Jewish students at the Massachusetts Institute of Technology (MIT) accused the college of failing to stop antisemitic acts from campus groups that vandalized holocaust displays and publicly declared support for the terrorist group Hamas.

A document compiled by MIT students and shared with The Post shows evidence of racist behavior dating back to October 2022 — a year before Hamas terror attacks on Israel, largely carried out by the leadership of the Coalition Against Apartheid (CAA).

According to the document, the CAA hosted Palestinian writer Mohammed El-Kurd as a speaker on campus that month, although he had declared at X that he hoped all Israeli soldiers would die “in the most torturous and slow way”.

“I hope they see their mother’s suffering (not that these unscrupulous pigs would care),” El-Kurd added in a 2021 post.

Papers obtained by The Post say the CAA ignored strong opposition from Jewish students who raised their concerns ahead of time.

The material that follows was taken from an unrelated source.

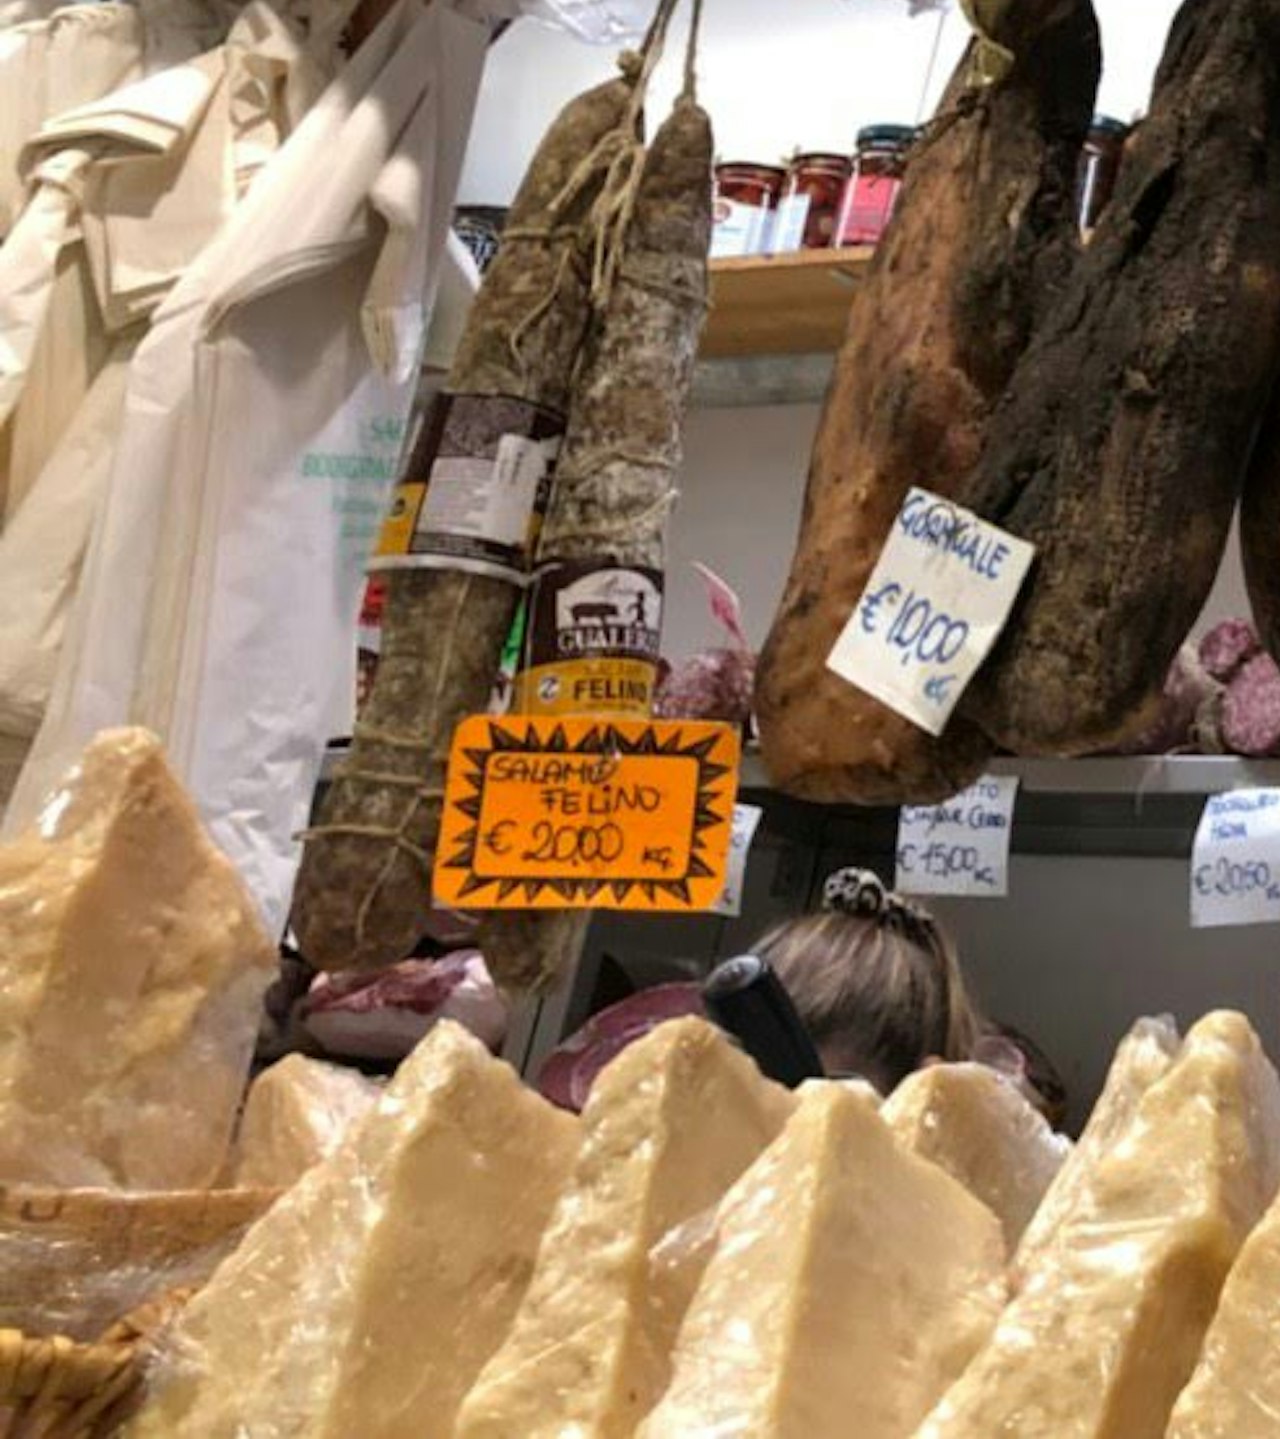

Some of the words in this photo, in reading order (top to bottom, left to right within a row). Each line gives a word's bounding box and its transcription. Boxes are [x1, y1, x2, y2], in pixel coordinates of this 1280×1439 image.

[860, 582, 902, 632] €
[540, 784, 661, 814] FELINO
[484, 819, 518, 854] €

A police officer outside MIT, guarding campus David McGlynn Holocaust exhibit at MIT that students say was defaced with Free Palestine graffiti on Holocaust Memorial Day Provided to NY Post

“In his speech at MIT, El-Kurd targeted Israeli students on campus, falsely claiming that there were students who had tied up and gassed Palestinian children during their service in the Israel Defense Forces,” according to an eyewitness.

Two days after appearing at MIT, El-Kurd went on to speak at Harvard, according to the Jewish News Syndicate.

MIT students also reported CAA members defaced a Holocaust display on Yom HaShoah, Holocaust Remembrance Day, by scrawling the slogan “Free Palestine” on it, then “proudly posted [it] on their Instagram account” in April this year.

They claim the group’s most recent social media posts, “unequivocally support, condone, and glorify the violence perpetrated by Hamas”.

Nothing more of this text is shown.